After the tragic deaths on September 11, 2001, America went slightly berserk. Though both international and U.S. domestic law held that no condition, no matter how extreme, could justify the heinous crime of torture, America turned to it anyway. Initially—and perhaps understandably if not legally or ethically—we turned to torture under the misguided belief that it might save lives. After all, we had just suffered an attack worse than that on Pearl Harbor in December 1941.
But as early as February 2002, we began to torture for another reason: to “verify” Iraqi complicity in the 9/11 attacks so we could go to war with Iraq (I went into greater detail on this for TAC in May). This rationale was more in line with practices in countries such as Egypt and Syria, where torture was—and still is—aimed at extracting confessions, not the truth.
The al-Qaeda-Iraq complicity did not exist. But we tortured to produce evidence for war anyway via our lackeys in Egypt. Among those we tortured was Ibn al-Shaykh al-Libi, who said afterwards he would have confessed to anything to stop the pain. Acting swiftly on Libi’s “evidence,” Colin Powell made a historic statement at the United Nations that linked al-Qaeda to Iraq.
We all know the rest of the story.
Could there be a more poignant and disturbing example of torture not working? Or, perhaps better said, of torture’s dangerous consequences even beyond its moral and ethical repugnancy and illegality?
Let’s mark this day with a tribute to all those in the world who are opposed to torture, from Johannesburg to Auckland, from Vladivostok to Portland. Large majorities in almost all other nations are anti-torture, knowing it to be a tyrant’s tool to suppress dissent and manufacture false confessions.
Let’s tip our hats to those who man the centers for victims of torture the world over and to those who offer succor to such victims wherever they are found and who oppose torture wherever it might be practiced.
I’ve joined 10 other commissioners—law professors, health professionals, human rights experts, and faith leaders—in a non-governmental torture truth-telling project called the North Carolina Commission of Inquiry on Torture. Why North Carolina? It’s home to a key CIA operation, a private Smithfield-based contractor that operated aircraft that flew dozens of captives to be tortured at CIA black sites.

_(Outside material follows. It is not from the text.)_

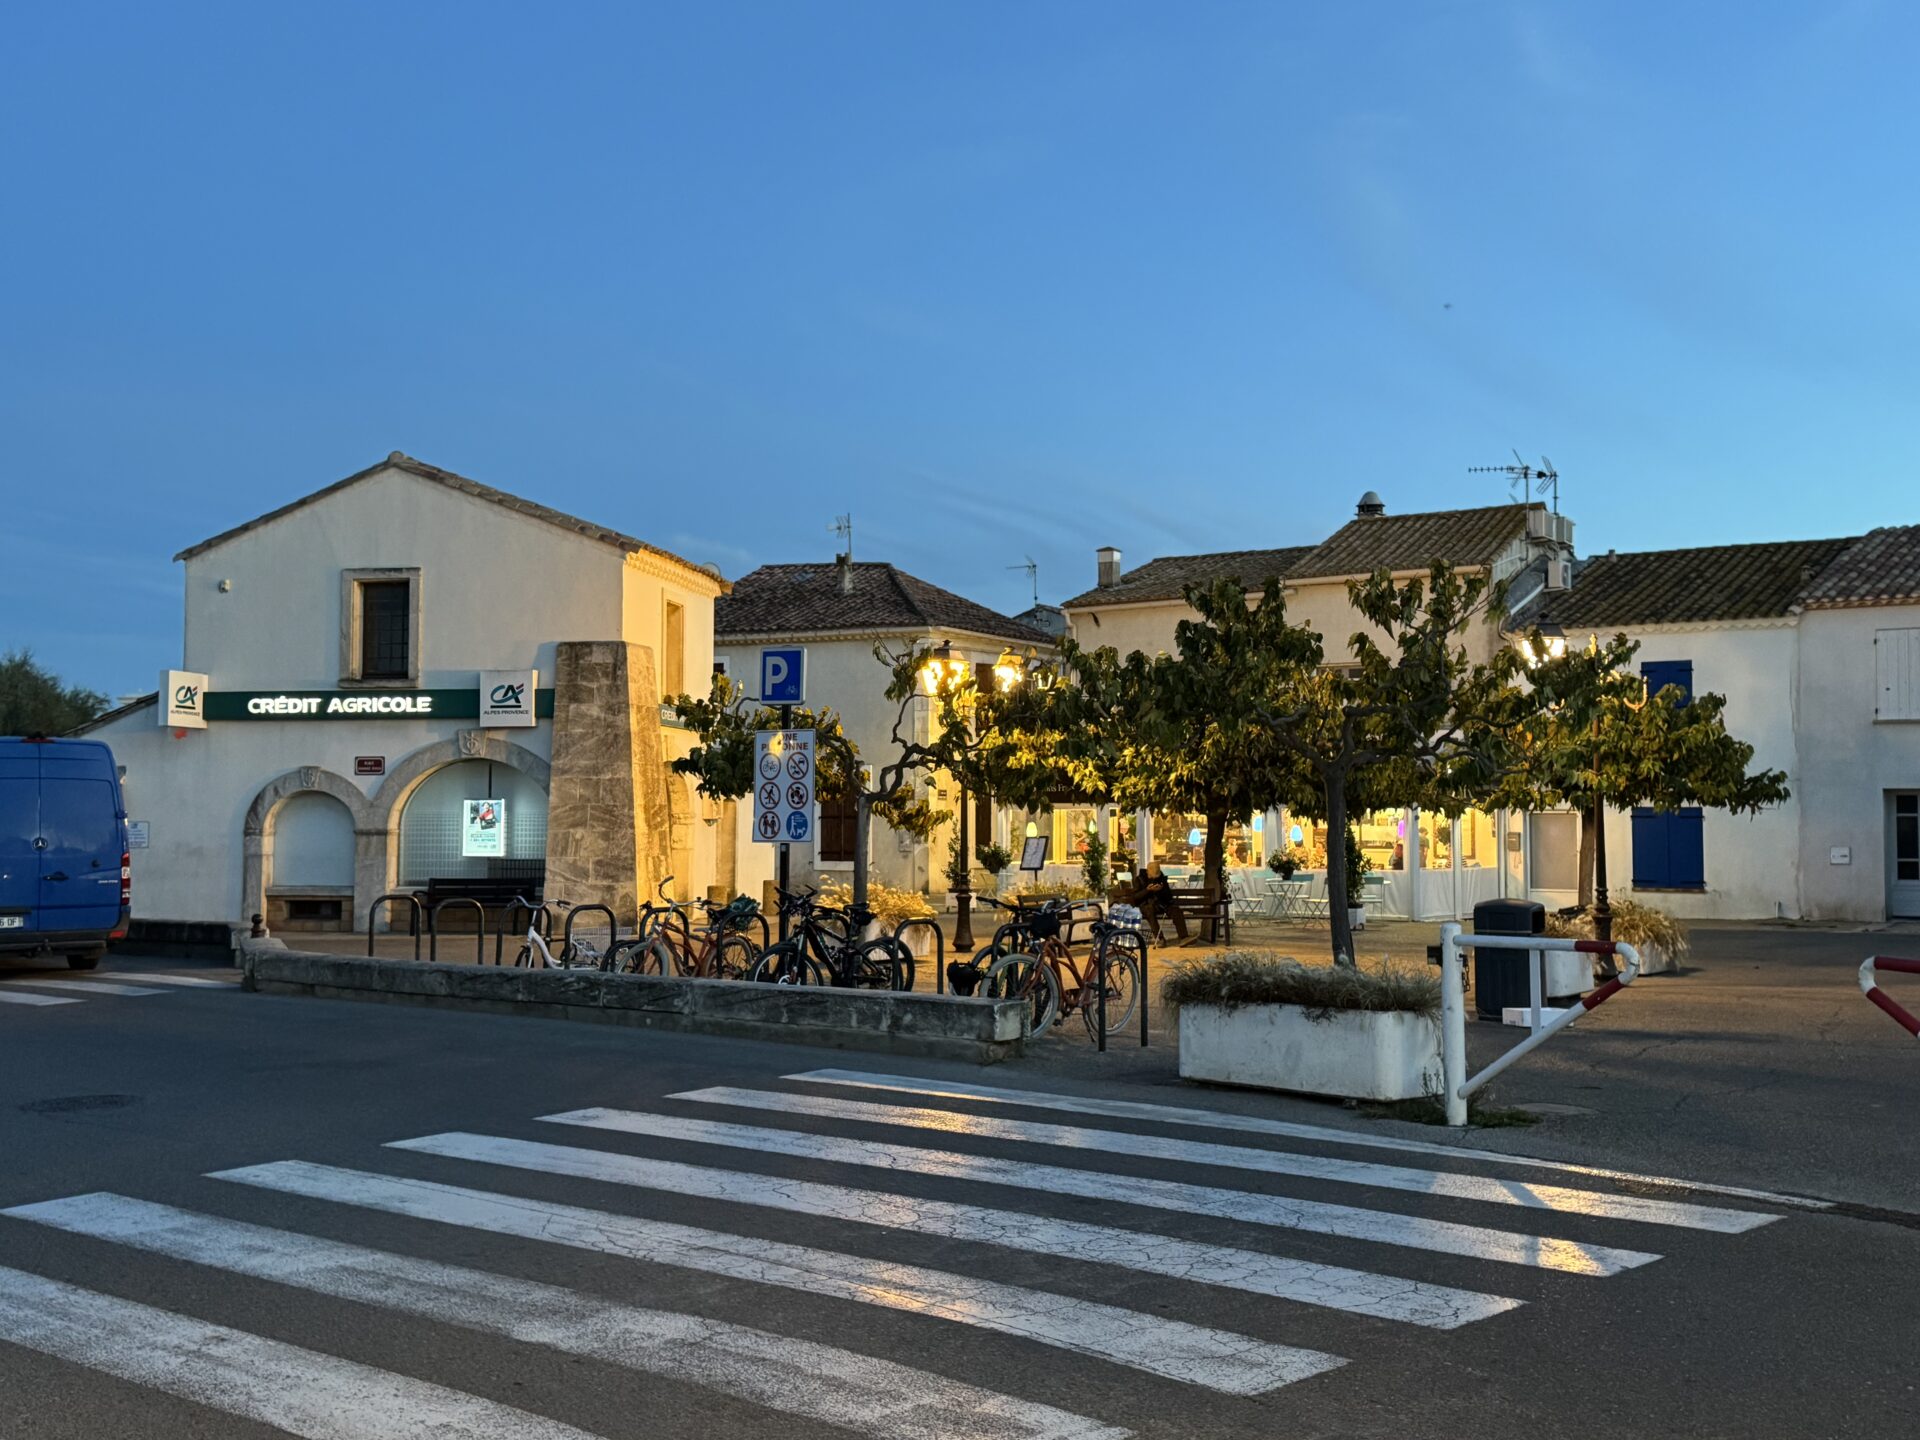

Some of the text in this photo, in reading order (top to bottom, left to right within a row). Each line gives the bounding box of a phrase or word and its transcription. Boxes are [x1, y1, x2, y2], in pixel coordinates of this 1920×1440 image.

[765, 656, 788, 695] P
[248, 695, 432, 714] CRÉDIT AGRICOLE

We’ve had the privilege of hearing excellent testimony from experts on both sides of the aisle, including seasoned military interrogators. They tell us torture has multiplied hatred for the U.S. abroad and degraded our democracy at home, without benefitting us in the fight against terrorism. Trained interrogators wouldn’t use torture. They know reliable intelligence is gained from rapport-building and staying within professional guidelines.
But the North Carolina project must serve as an example beyond that state’s borders. Other places and institutions need to gather the truth about our torture record, confront the damage it has done, and help set us on a different path.
With Haspel in charge at the CIA and our president making no secret of his enthusiasm for waterboarding and “a lot worse,” we are in real danger of further excursions into the dark side of secret detention and torture. In December, reports surfaced that the Trump administration is considering setting up a global private spy network and a new rendition program. Lessons from the first rendition and torture program have apparently not been learned.
President Obama made one of the most serious mistakes of his young administration when he listened to the “experts” who counseled him against prosecuting the torturers. He should have known better. Looking forward instead of backward might be a peculiarly American trait, but in the case of torture it was wrong, misguided, and dangerous. It sent a signal: torture and go unharmed. Haspel’s appointment to head the CIA only magnifies this mistake.
The only way we can ward off this danger is to squarely confront our past and as a nation acknowledge the harm we have caused—to those whom we tortured and to ourselves.
Lawrence Wilkerson is Visiting Professor of Government and Public Policy at the College of William and Mary. He was chief of staff to secretary of state Colin Powell from 2002-05.